=== Problem statement ===
Repeat the entries below exactly as they appear, with no pictures.

[Start of Attachment]

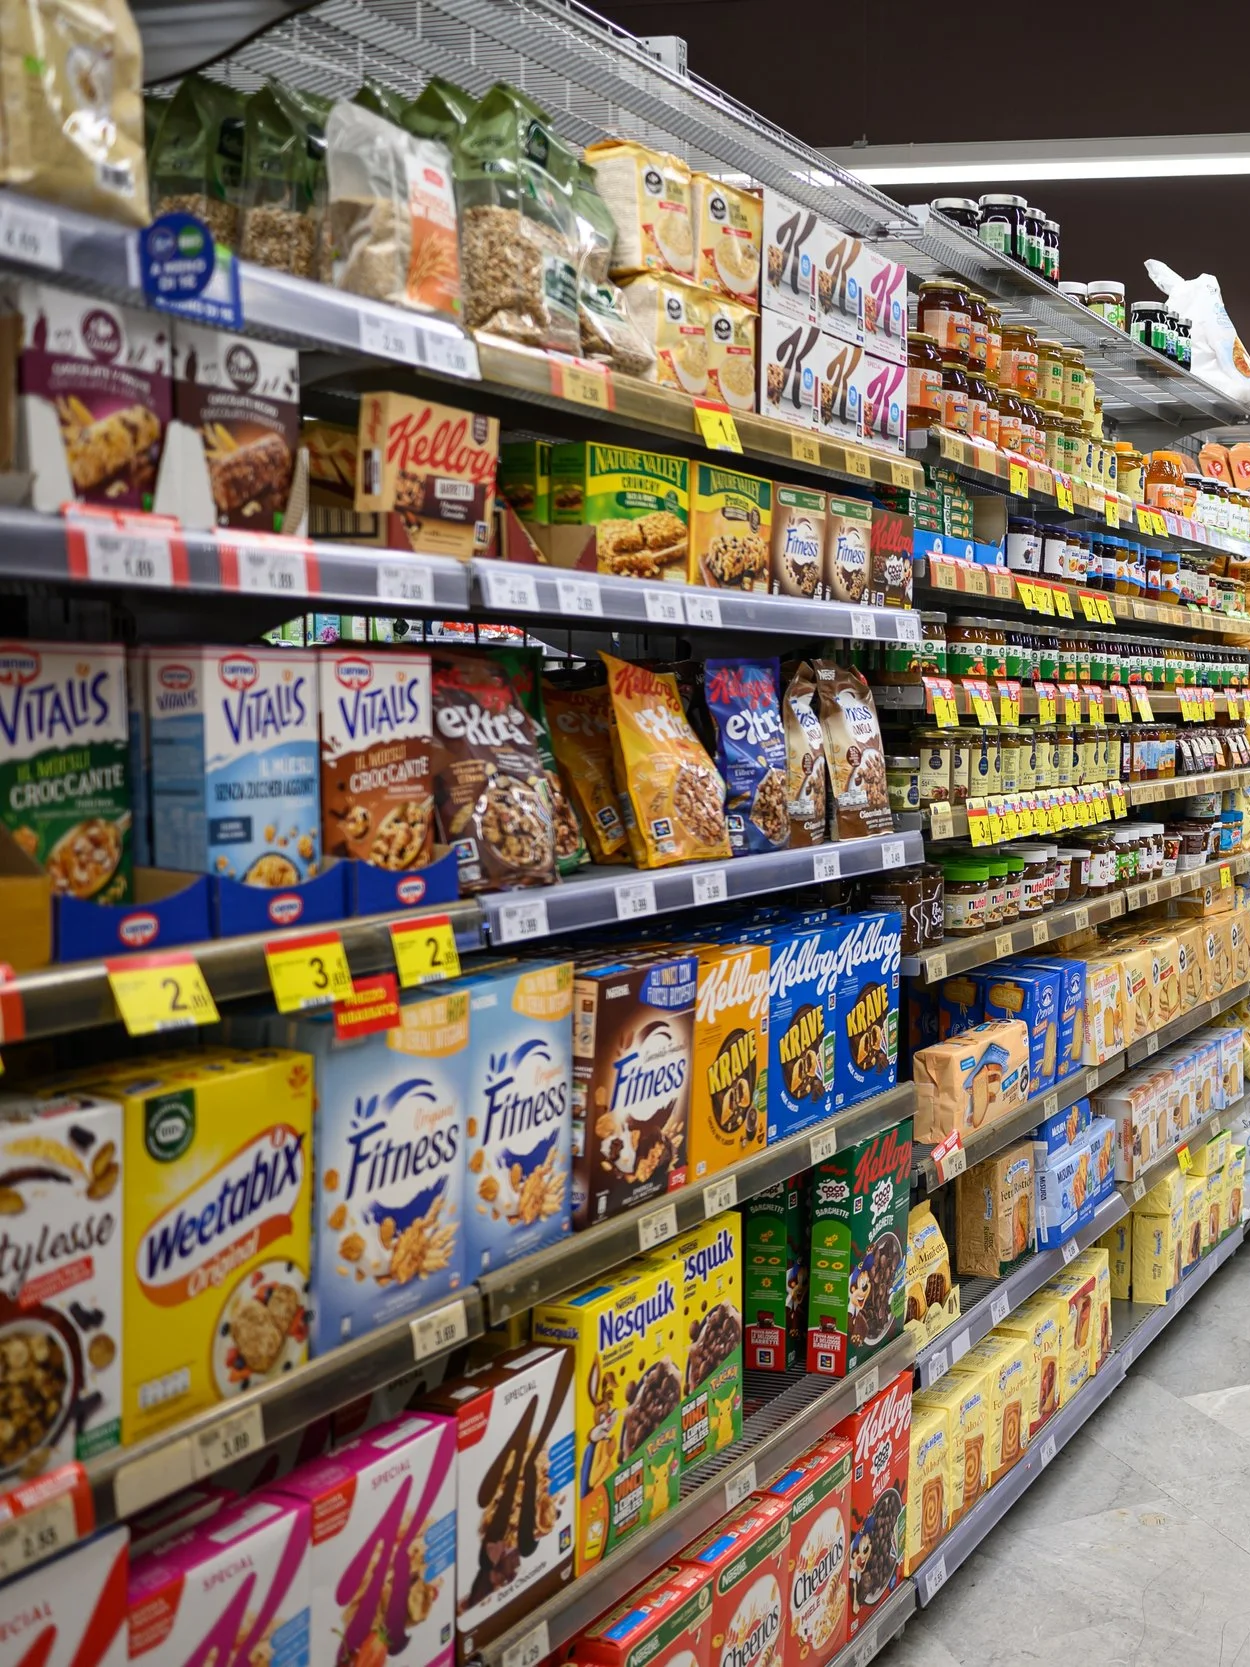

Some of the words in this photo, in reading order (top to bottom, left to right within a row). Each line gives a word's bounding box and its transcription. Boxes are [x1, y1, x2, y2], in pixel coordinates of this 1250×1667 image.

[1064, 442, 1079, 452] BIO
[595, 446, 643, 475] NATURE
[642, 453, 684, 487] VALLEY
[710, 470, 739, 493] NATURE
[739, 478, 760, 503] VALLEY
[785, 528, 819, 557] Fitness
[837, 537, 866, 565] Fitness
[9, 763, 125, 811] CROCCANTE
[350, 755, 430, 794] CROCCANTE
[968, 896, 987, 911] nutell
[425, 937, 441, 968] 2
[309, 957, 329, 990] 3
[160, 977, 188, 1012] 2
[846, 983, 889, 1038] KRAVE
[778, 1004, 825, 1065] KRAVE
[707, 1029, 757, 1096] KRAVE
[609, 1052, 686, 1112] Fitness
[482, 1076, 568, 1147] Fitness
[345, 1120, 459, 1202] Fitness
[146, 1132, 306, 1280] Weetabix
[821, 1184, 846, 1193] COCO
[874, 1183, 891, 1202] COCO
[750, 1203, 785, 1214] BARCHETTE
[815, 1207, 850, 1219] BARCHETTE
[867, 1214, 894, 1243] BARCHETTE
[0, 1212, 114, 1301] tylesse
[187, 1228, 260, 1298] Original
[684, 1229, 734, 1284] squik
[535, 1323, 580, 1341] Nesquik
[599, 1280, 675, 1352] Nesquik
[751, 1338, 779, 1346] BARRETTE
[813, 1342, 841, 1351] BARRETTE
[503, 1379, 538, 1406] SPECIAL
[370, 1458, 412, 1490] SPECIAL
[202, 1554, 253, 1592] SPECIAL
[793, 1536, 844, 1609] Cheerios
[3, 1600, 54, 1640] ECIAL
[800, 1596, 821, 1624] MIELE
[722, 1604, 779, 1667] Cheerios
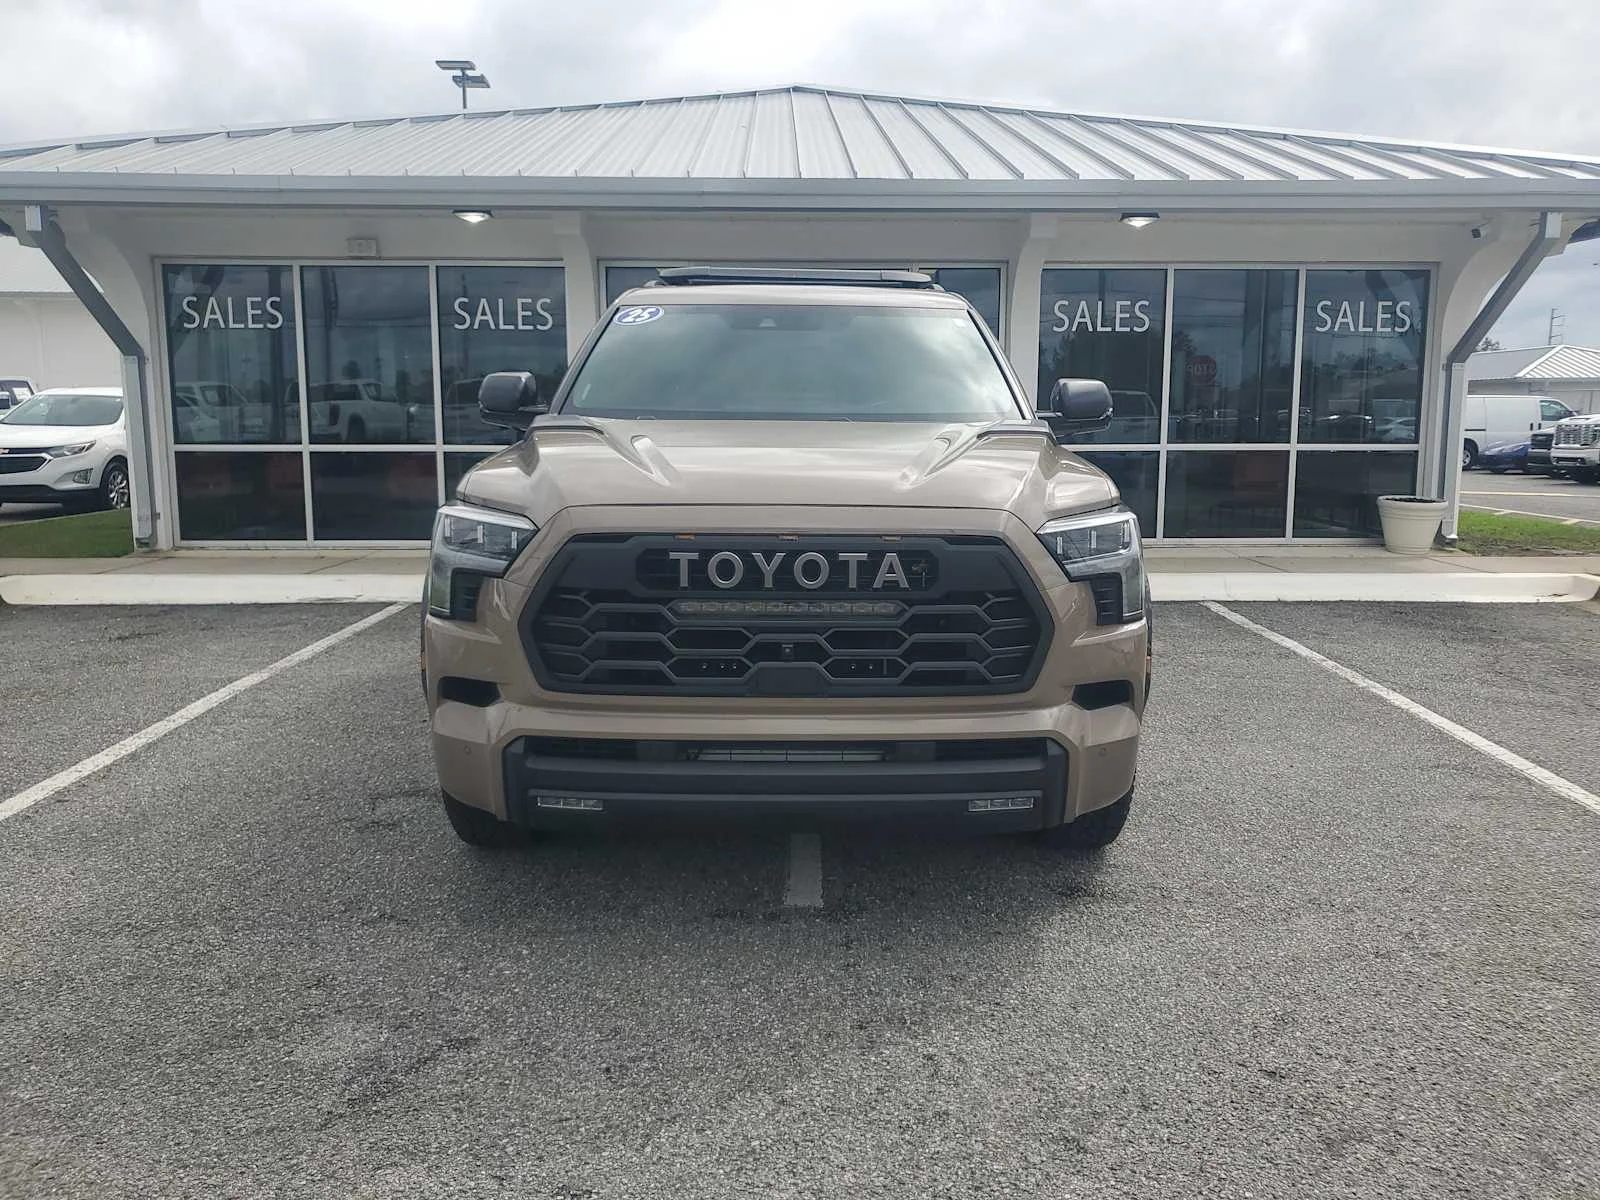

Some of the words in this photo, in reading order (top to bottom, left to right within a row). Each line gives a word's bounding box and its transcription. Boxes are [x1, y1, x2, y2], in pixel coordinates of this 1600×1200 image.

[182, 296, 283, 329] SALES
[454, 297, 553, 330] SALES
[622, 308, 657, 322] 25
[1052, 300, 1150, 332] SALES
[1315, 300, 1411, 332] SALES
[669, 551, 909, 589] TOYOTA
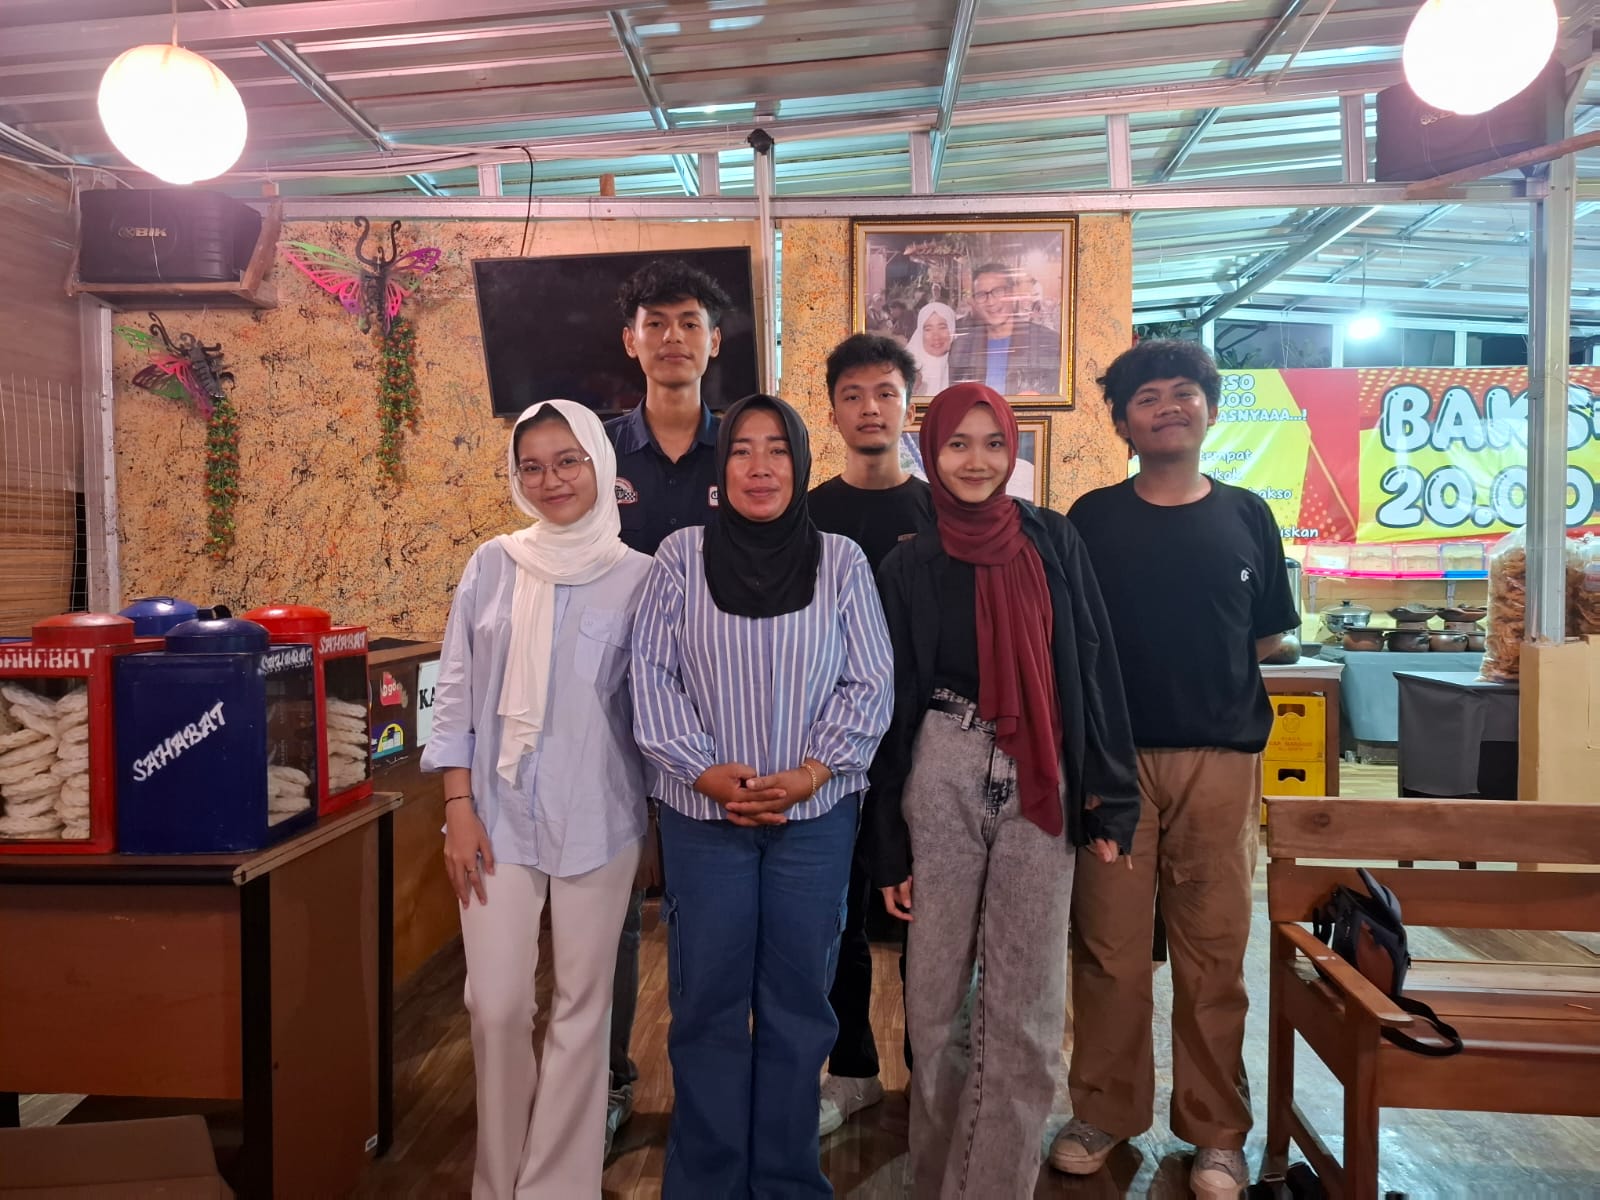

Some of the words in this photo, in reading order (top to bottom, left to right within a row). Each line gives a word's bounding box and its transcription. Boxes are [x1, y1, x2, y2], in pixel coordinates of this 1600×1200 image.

[End of Attachment]

=== Problem solution ===
Some of the words in this photo, in reading order (top to bottom, left to right within a row). Each line gives a word's bounding box and its transcription. Boxes are [x1, y1, x2, y2], in pixel coordinates of this 1250×1667 image.

[1064, 442, 1079, 452] BIO
[595, 446, 643, 475] NATURE
[642, 453, 684, 487] VALLEY
[710, 470, 739, 493] NATURE
[739, 478, 760, 503] VALLEY
[785, 528, 819, 557] Fitness
[837, 537, 866, 565] Fitness
[9, 763, 125, 811] CROCCANTE
[350, 755, 430, 794] CROCCANTE
[968, 896, 987, 911] nutell
[425, 937, 441, 968] 2
[309, 957, 329, 990] 3
[160, 977, 188, 1012] 2
[846, 983, 889, 1038] KRAVE
[778, 1004, 825, 1065] KRAVE
[707, 1029, 757, 1096] KRAVE
[609, 1052, 686, 1112] Fitness
[482, 1076, 568, 1147] Fitness
[345, 1120, 459, 1202] Fitness
[146, 1132, 306, 1280] Weetabix
[821, 1184, 846, 1193] COCO
[874, 1183, 891, 1202] COCO
[750, 1203, 785, 1214] BARCHETTE
[815, 1207, 850, 1219] BARCHETTE
[867, 1214, 894, 1243] BARCHETTE
[0, 1212, 114, 1301] tylesse
[187, 1228, 260, 1298] Original
[684, 1229, 734, 1284] squik
[535, 1323, 580, 1341] Nesquik
[599, 1280, 675, 1352] Nesquik
[751, 1338, 779, 1346] BARRETTE
[813, 1342, 841, 1351] BARRETTE
[503, 1379, 538, 1406] SPECIAL
[370, 1458, 412, 1490] SPECIAL
[202, 1554, 253, 1592] SPECIAL
[793, 1536, 844, 1609] Cheerios
[3, 1600, 54, 1640] ECIAL
[800, 1596, 821, 1624] MIELE
[722, 1604, 779, 1667] Cheerios

Some of the words in this photo, in reading order (top to bottom, left to right within a row). Each line gives a word's bounding box and its transcription. Boxes are [x1, y1, x2, y2], in pixel coordinates of this 1600×1200 image.

[182, 296, 283, 329] SALES
[454, 297, 553, 330] SALES
[622, 308, 657, 322] 25
[1052, 300, 1150, 332] SALES
[1315, 300, 1411, 332] SALES
[669, 551, 909, 589] TOYOTA

Some of the words in this photo, in reading order (top to bottom, left to right within a row). Each line gives a word's bounding box and its transcription. Boxes are [x1, y1, x2, y2], in pixel coordinates of this 1600×1200 image.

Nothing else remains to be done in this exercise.